Free-text object descriptions
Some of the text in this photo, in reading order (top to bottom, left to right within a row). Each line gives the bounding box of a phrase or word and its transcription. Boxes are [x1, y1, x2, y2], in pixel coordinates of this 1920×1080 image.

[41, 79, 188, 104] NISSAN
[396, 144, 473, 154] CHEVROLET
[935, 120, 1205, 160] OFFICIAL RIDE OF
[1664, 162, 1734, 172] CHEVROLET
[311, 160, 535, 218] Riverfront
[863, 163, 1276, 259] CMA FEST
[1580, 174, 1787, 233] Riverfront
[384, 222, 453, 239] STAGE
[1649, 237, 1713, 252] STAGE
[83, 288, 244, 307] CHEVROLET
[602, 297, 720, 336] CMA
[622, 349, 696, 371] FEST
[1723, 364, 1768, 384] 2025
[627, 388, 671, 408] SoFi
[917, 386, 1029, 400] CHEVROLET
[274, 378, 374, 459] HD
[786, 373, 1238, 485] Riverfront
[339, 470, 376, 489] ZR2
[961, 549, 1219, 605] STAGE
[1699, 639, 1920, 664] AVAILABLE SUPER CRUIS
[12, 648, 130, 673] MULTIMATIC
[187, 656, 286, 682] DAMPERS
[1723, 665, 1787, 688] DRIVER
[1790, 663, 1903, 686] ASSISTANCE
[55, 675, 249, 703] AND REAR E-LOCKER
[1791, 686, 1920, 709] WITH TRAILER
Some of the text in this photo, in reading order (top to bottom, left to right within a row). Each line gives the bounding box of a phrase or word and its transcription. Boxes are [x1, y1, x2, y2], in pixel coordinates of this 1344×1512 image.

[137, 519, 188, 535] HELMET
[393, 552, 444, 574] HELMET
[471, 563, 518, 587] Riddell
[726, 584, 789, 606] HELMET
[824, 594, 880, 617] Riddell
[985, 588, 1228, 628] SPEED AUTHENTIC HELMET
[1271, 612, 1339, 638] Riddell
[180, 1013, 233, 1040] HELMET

==

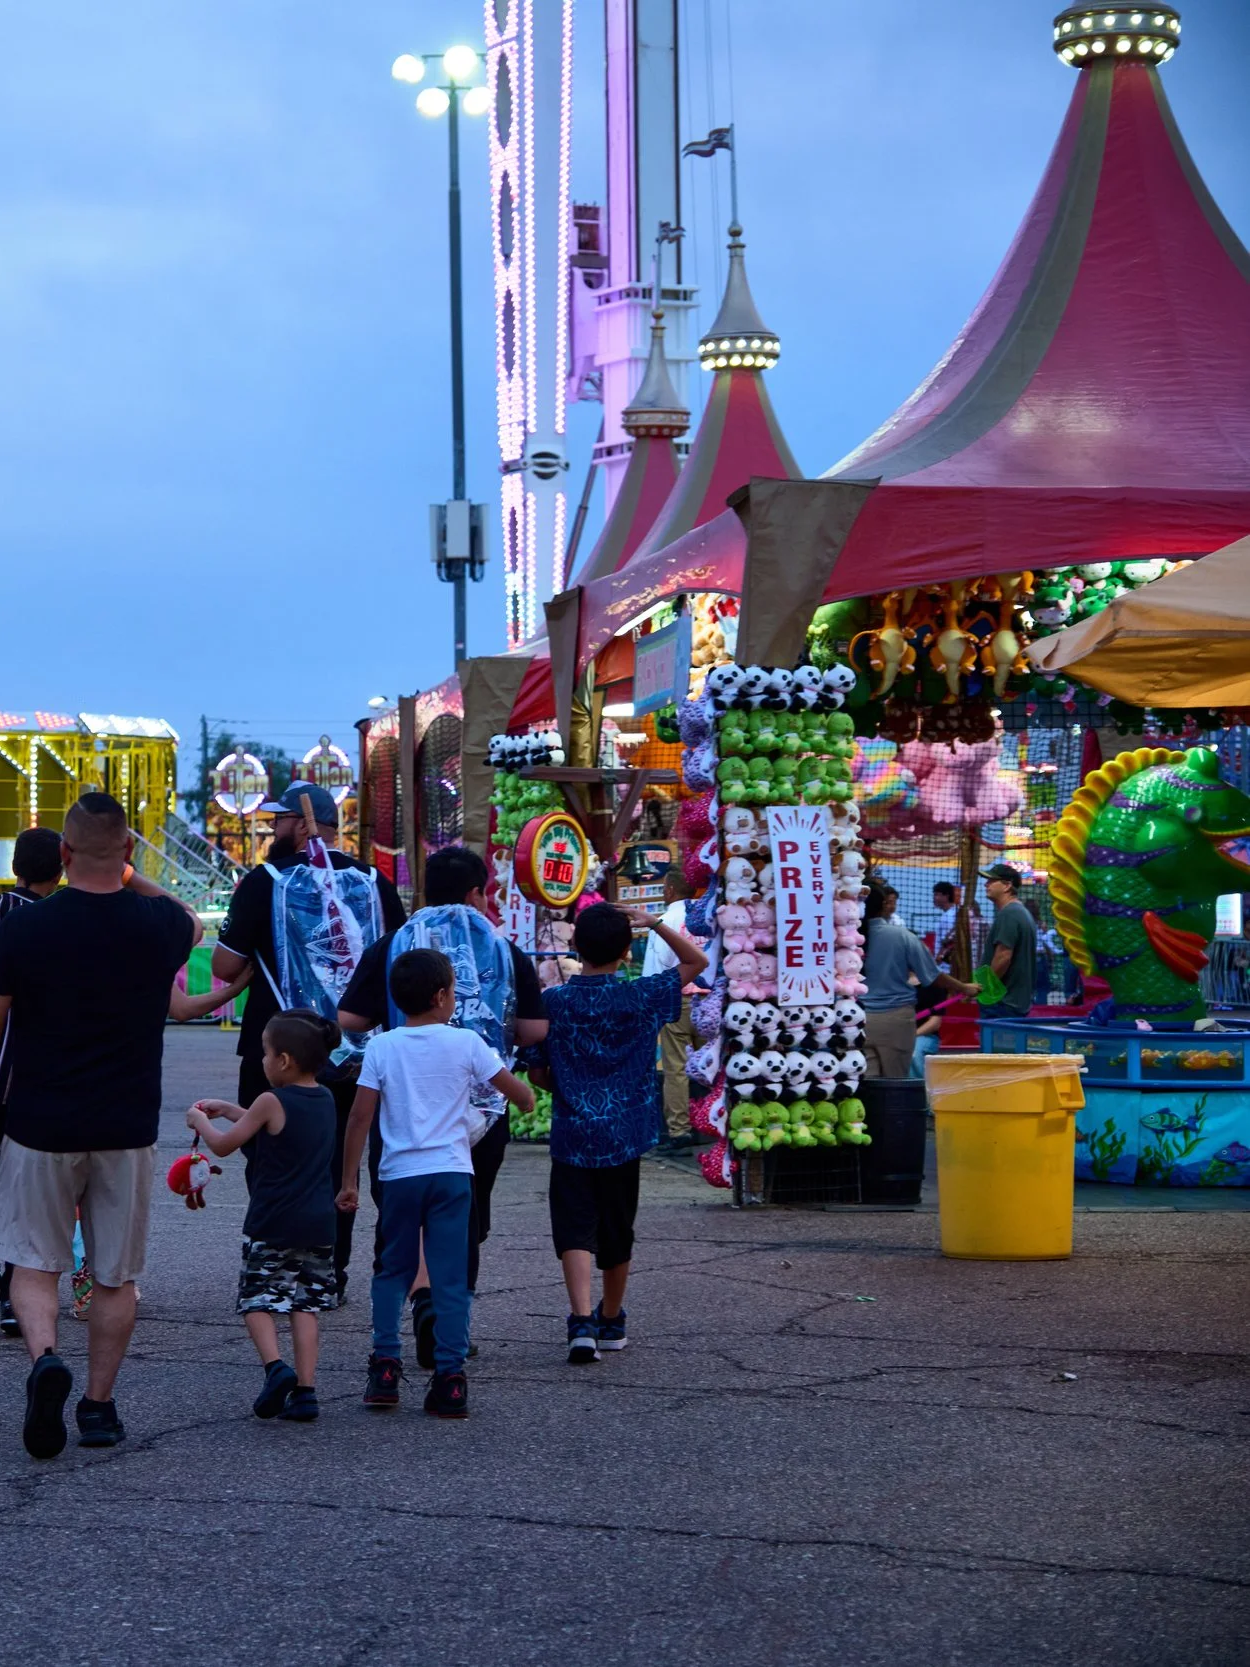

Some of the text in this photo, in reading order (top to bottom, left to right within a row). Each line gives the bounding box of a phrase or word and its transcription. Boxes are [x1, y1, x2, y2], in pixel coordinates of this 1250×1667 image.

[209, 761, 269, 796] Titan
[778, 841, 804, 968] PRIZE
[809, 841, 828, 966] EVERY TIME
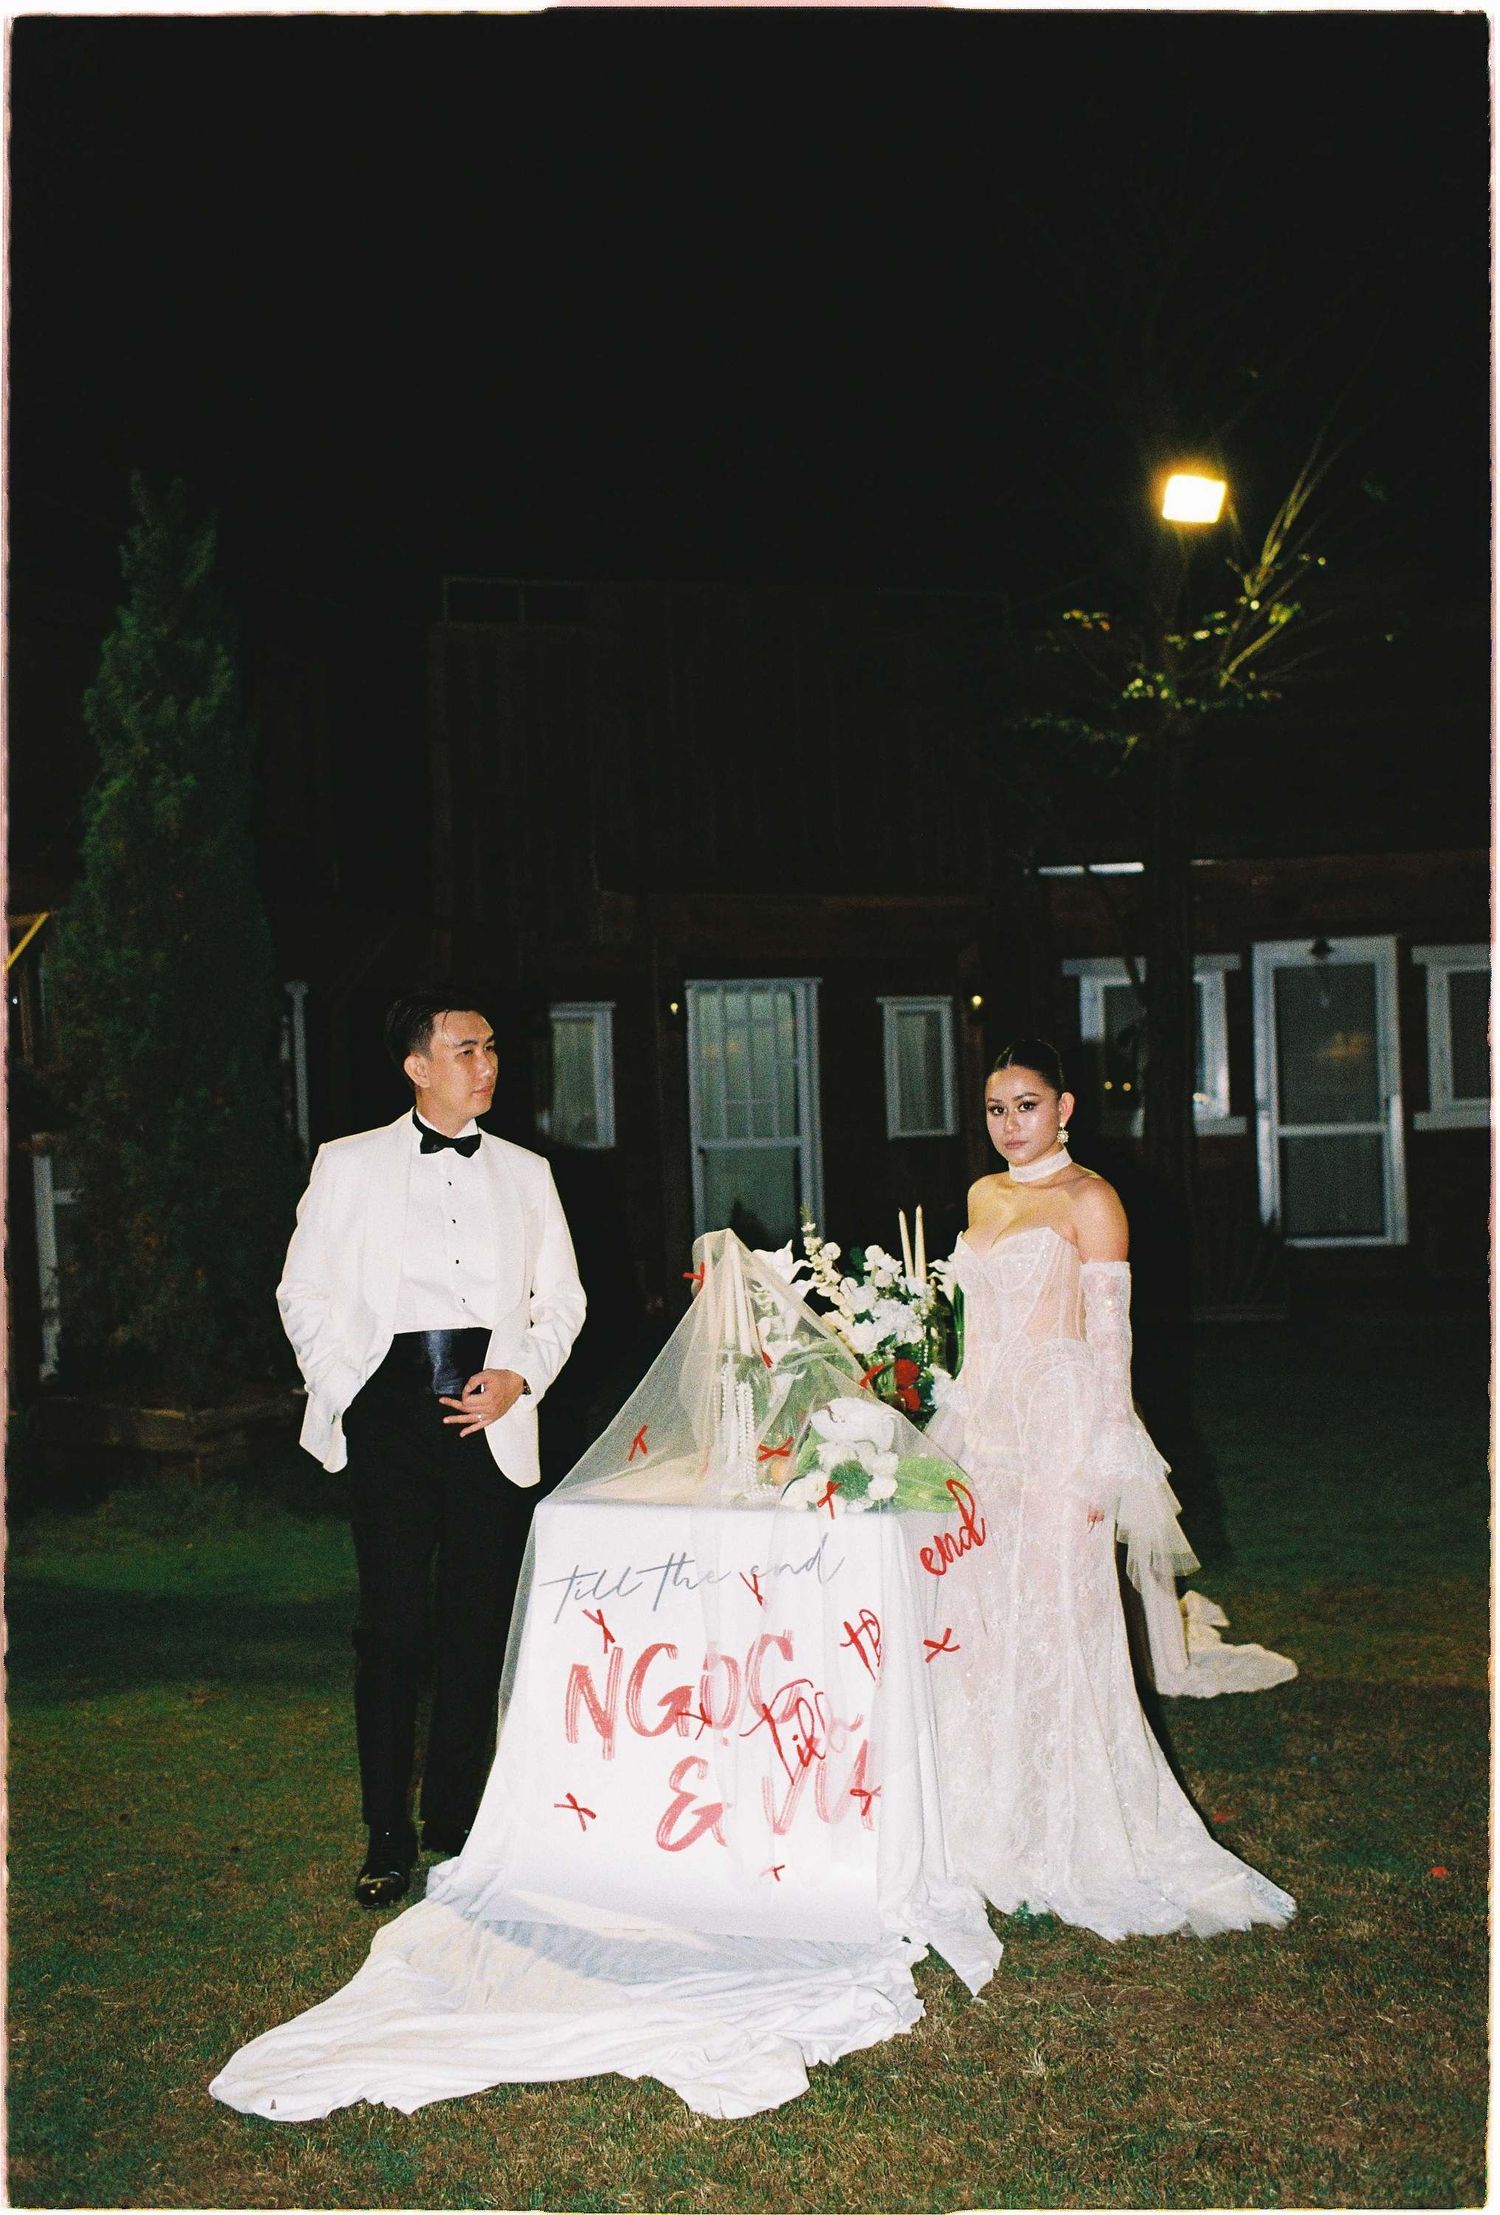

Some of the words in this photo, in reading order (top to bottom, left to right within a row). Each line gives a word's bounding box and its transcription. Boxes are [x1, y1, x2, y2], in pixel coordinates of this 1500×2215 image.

▸ **Task requirements**:
Above are the records. Copy only the lines from the one with "this 1250×1667 image." through the one with "Some of the words", exactly, with no pictures.

▸ **Expected output**:
Some of the text in this photo, in reading order (top to bottom, left to right within a row). Each line gives the bounding box of a phrase or word and its transcription. Boxes are [x1, y1, x2, y2], in pixel coordinates of this 1250×1667 image.

[209, 761, 269, 796] Titan
[778, 841, 804, 968] PRIZE
[809, 841, 828, 966] EVERY TIME

Some of the words in this photo, in reading order (top to bottom, left to right within a row). Each line gives a word's bounding box and its transcription. Boxes are [x1, y1, x2, y2], in pixel coordinates of this 1500×2215 image.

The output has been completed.